* [TASK STATEMENT]
Return the records word for word. Any pictures in them are not part of the copy.

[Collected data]
____
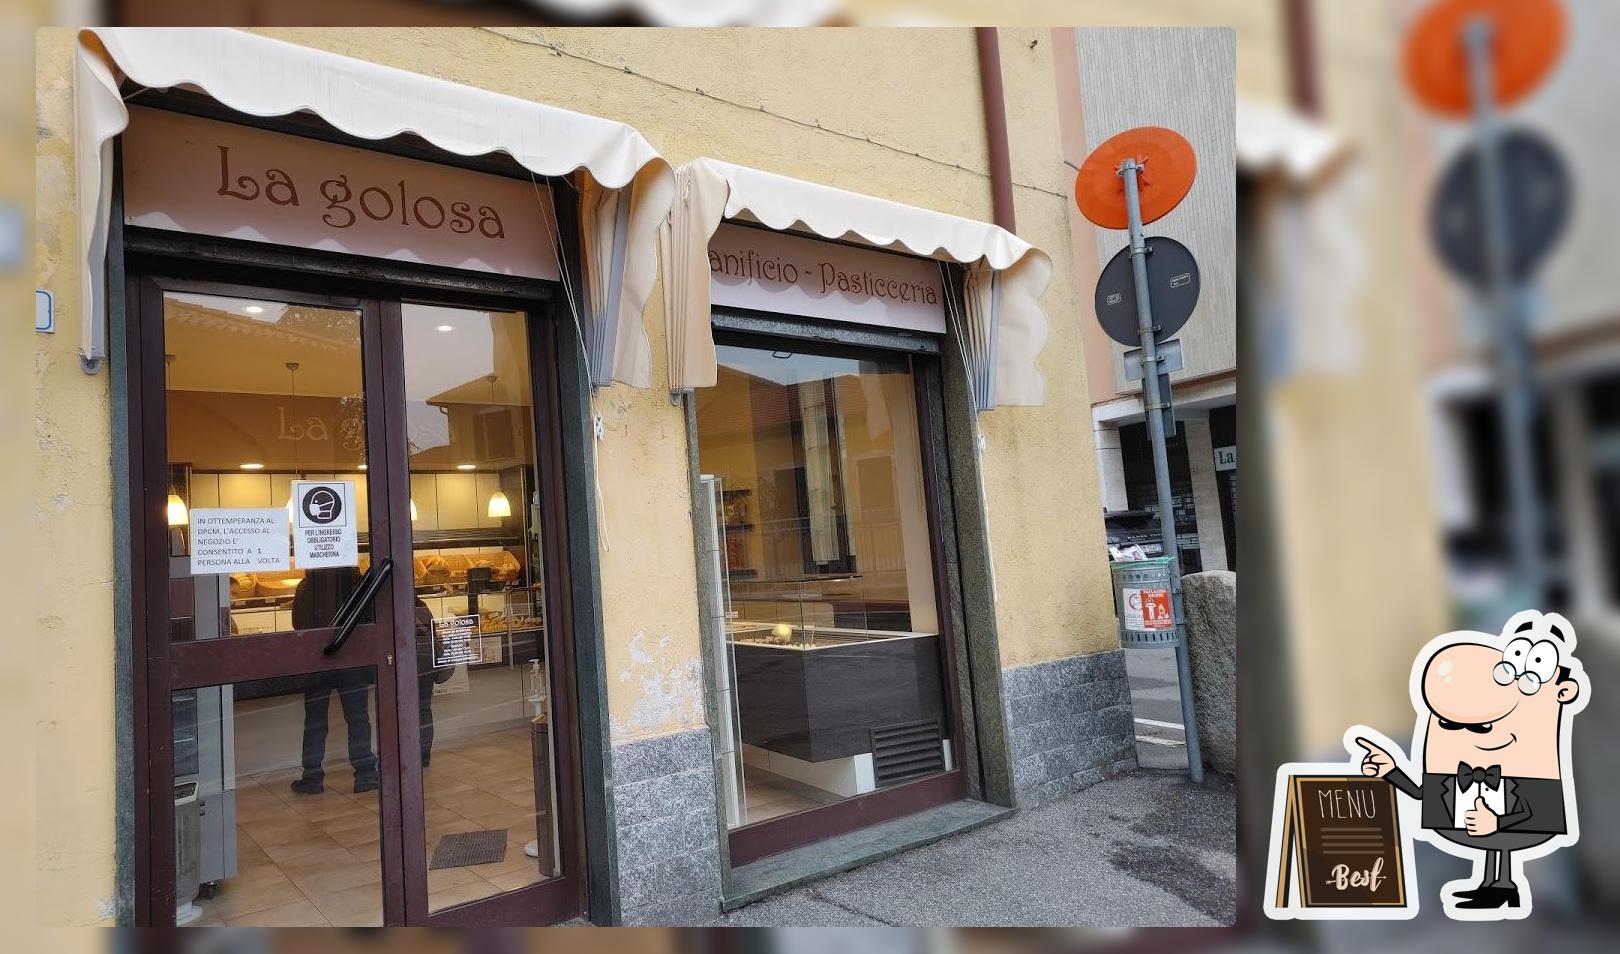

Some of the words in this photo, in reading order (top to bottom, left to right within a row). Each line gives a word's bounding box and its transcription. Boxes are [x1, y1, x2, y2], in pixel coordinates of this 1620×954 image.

[217, 146, 299, 207] La
[320, 174, 505, 239] golosa
[708, 250, 799, 285] anificio
[817, 262, 938, 305] Pasticceria
[197, 517, 206, 525] IN
[207, 517, 265, 525] OTTEMPERANZA
[223, 527, 260, 535] L'ACCESSO
[305, 529, 314, 537] PER
[315, 528, 342, 536] L'INGRESSO
[197, 538, 231, 546] NEGOZIO
[307, 536, 341, 544] OBBLIGATORIO
[314, 543, 335, 551] UTILIZZO
[197, 548, 244, 556] CONSENTITO
[309, 551, 340, 559] MASCHERINA
[197, 559, 232, 567] PERSONA
____
* [SOLVED PROBLEM]
Some of the words in this photo, in reading order (top to bottom, left to right within a row). Each line gives a word's bounding box and its transcription. Boxes are [x1, y1, x2, y2], in pixel coordinates of this 1620×954 image.

[217, 146, 299, 207] La
[320, 174, 505, 239] golosa
[708, 250, 799, 285] anificio
[817, 262, 938, 305] Pasticceria
[197, 517, 206, 525] IN
[207, 517, 265, 525] OTTEMPERANZA
[223, 527, 260, 535] L'ACCESSO
[305, 529, 314, 537] PER
[315, 528, 342, 536] L'INGRESSO
[197, 538, 231, 546] NEGOZIO
[307, 536, 341, 544] OBBLIGATORIO
[314, 543, 335, 551] UTILIZZO
[197, 548, 244, 556] CONSENTITO
[309, 551, 340, 559] MASCHERINA
[197, 559, 232, 567] PERSONA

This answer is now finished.